● Aim of the exercise:
Leave no picture in, and give every entry again exactly.
(Beginning of Record excerpts)
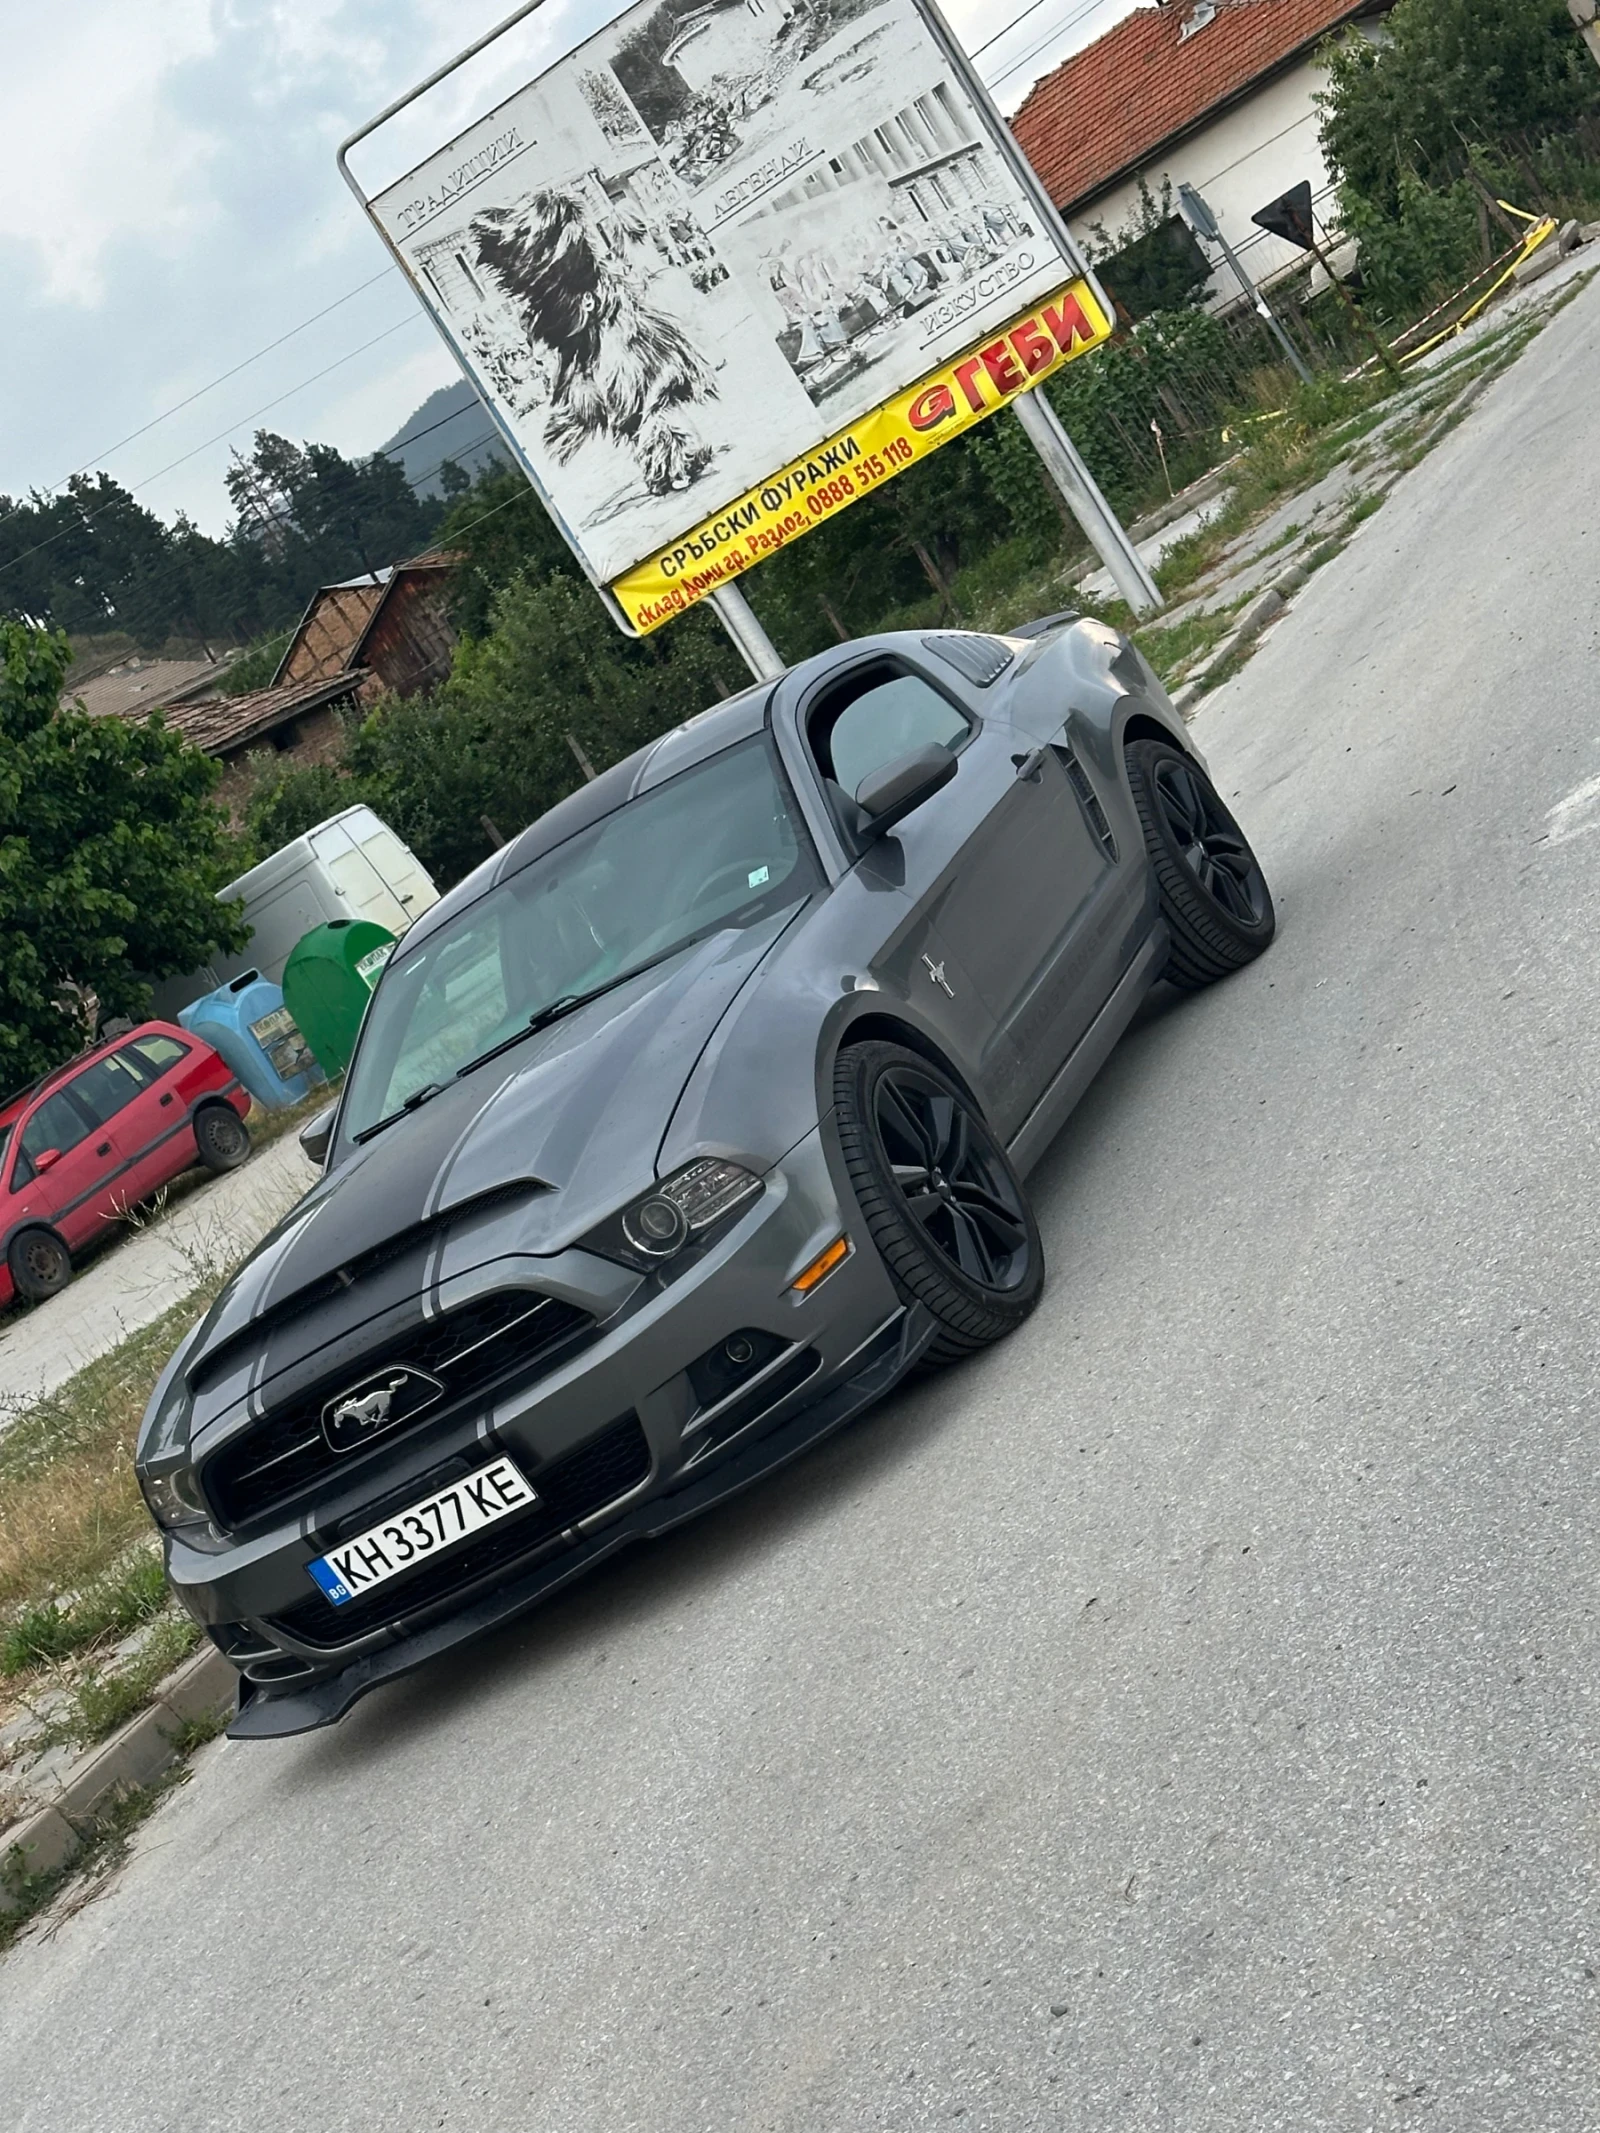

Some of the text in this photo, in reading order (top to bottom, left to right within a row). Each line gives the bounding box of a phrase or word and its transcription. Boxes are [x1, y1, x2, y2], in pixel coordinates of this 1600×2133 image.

[397, 127, 524, 228] ТРАДИЦИИ
[715, 137, 813, 220] ЛЕГЕНДИ
[919, 252, 1035, 336] ИЗКУСТВО
[953, 292, 1096, 413] ГЕБИ
[660, 436, 861, 578] СРЪБСКИ ФУРАЖИ
[723, 549, 750, 573] гр.
[746, 511, 811, 555] Разлог,
[806, 475, 855, 515] 0888
[853, 455, 886, 486] 515
[882, 437, 913, 465] 118
[332, 1465, 526, 1589] KH 3377 KE
[328, 1584, 347, 1600] BG
(End of Record excerpts)
● Task answer:
Some of the text in this photo, in reading order (top to bottom, left to right within a row). Each line gives the bounding box of a phrase or word and its transcription. Boxes are [x1, y1, x2, y2], in pixel coordinates of this 1600×2133 image.

[397, 127, 524, 228] ТРАДИЦИИ
[715, 137, 813, 220] ЛЕГЕНДИ
[919, 252, 1035, 336] ИЗКУСТВО
[953, 292, 1096, 413] ГЕБИ
[660, 436, 861, 578] СРЪБСКИ ФУРАЖИ
[723, 549, 750, 573] гр.
[746, 511, 811, 555] Разлог,
[806, 475, 855, 515] 0888
[853, 455, 886, 486] 515
[882, 437, 913, 465] 118
[332, 1465, 526, 1589] KH 3377 KE
[328, 1584, 347, 1600] BG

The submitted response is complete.